6. Analysis of Identifiability, Bias, and Robustness
Recent theoretical work has clarified the identifiability of additive bi-encoder models—i.e., the extent to which the underlying parameters can be uniquely decomposed from observed click or interaction data:
- Additive shift invariance: The sum of bias and relevance is preserved under joint shifts; to anchor unique solutions, either explicit randomization in presentation positions or systematic feature-overlap across positions is required (Hager et al., 29 Aug 2025, Hager et al., 25 Jun 2025).
- Feature overlap and graph connectivity: If the feature distributions at each presentation position have overlapping support and the relevance MLP is continuous, the model’s parameters are uniquely identifiable up to a global shift (Hager et al., 25 Jun 2025).
- Confounding by logging policies: Misspecification can interact with deterministic or strongly biased logging, causing systematic distortion of learned relevance and bias parameters. Inverse propensity weighting is proposed for mitigation, but requires positivity (every item must be observable at every position) (Hager et al., 25 Jun 2025, Hager et al., 29 Aug 2025).
Best practices emphasize: monitoring residual–propensity correlations, explicit data collection for randomization or overlap, matching logging and model features, controlled regularization of model expressivity, and careful validation of both accuracy and parameter recovery.
7. Practical Guidelines and Current Limitations
Best practices for two-tower bi-encoder design and deployment, converging from multiple empirical and theoretical fronts, include:
- Parameter sharing: Prefer at least projection-level sharing (ADE-SPL) unless strong role heterogeneity exists.
- Loss selection: Use in-batch InfoNCE with sufficiently large negative pools (augmented by CBNS or SamToNe for difficult cases).
- Alignment diagnostics: Assess representation overlap and metric spread via t-SNE or similarity histograms; embedding collapse or misalignment is a red flag (Dong et al., 2022, Moiseev et al., 2023).

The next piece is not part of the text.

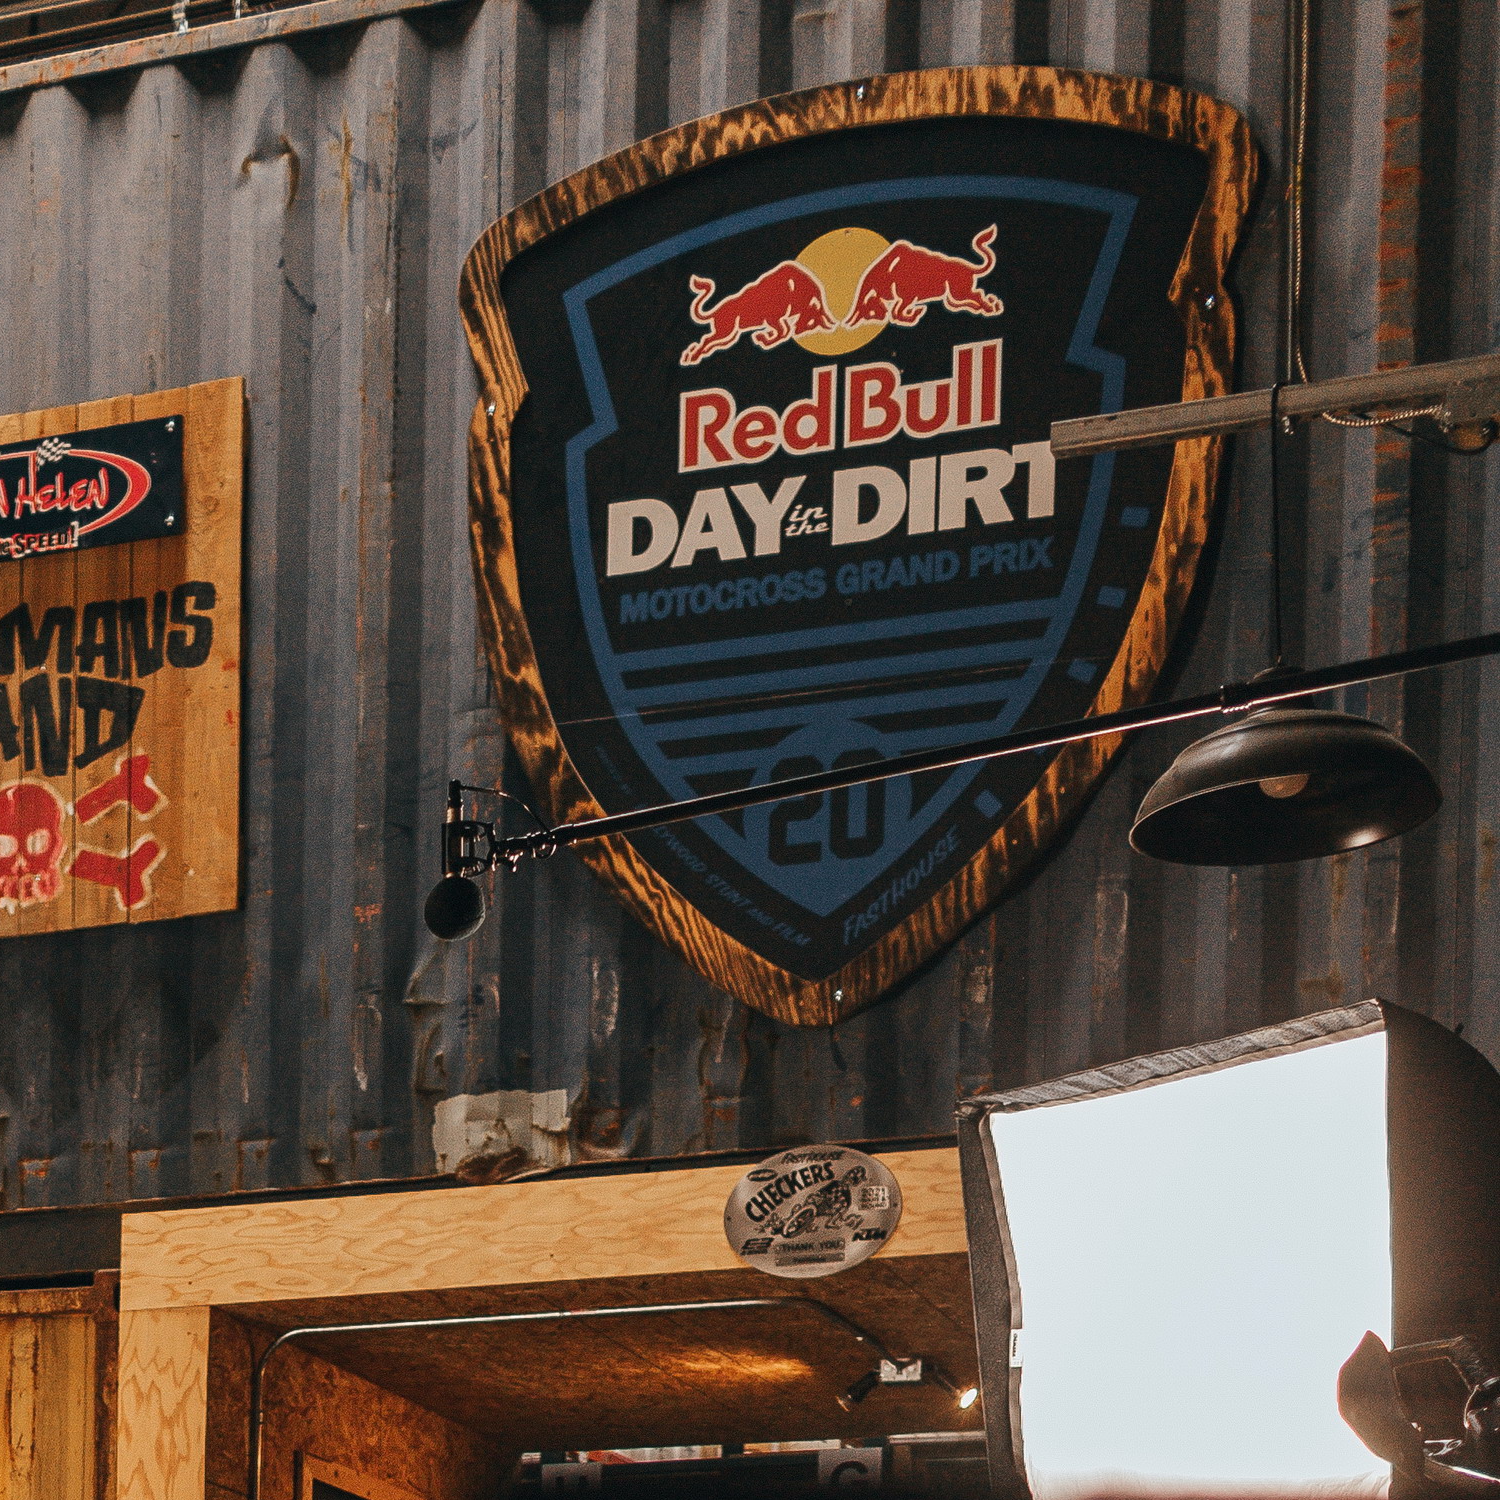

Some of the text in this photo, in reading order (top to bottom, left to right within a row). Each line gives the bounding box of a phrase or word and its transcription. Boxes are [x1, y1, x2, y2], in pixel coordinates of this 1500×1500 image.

- Interaction: Add multi-head cross-tower modules (e.g., FE-Block) or bridge connections (vision–language) when pure late fusion underperforms.
- Bias correction: Incorporate inverse propensity weighting and encourage randomization or feature overlap for unbiased click modeling.
- Domain adaptation: For cross-modal or specialized domains (e.g. music, NER), fine-tune under domain-specific constraints and consider joint or dynamic thresholding in decision boundaries.
Current limitations include the challenge of semantic alignment for bottlenecked modalities (e.g. text in music retrieval (Vasilakis et al., 2024)), quadratic enumeration costs in span-based NER (Zhang et al., 2022), and sensitivity to data distribution/feature support in unbiased learning-to-rank. Future research targets enriched compositionality in modality-poor branches, scalable negative mining, and more expressive, interaction-rich architectures that preserve the efficiency benefits of the bi-encoder paradigm.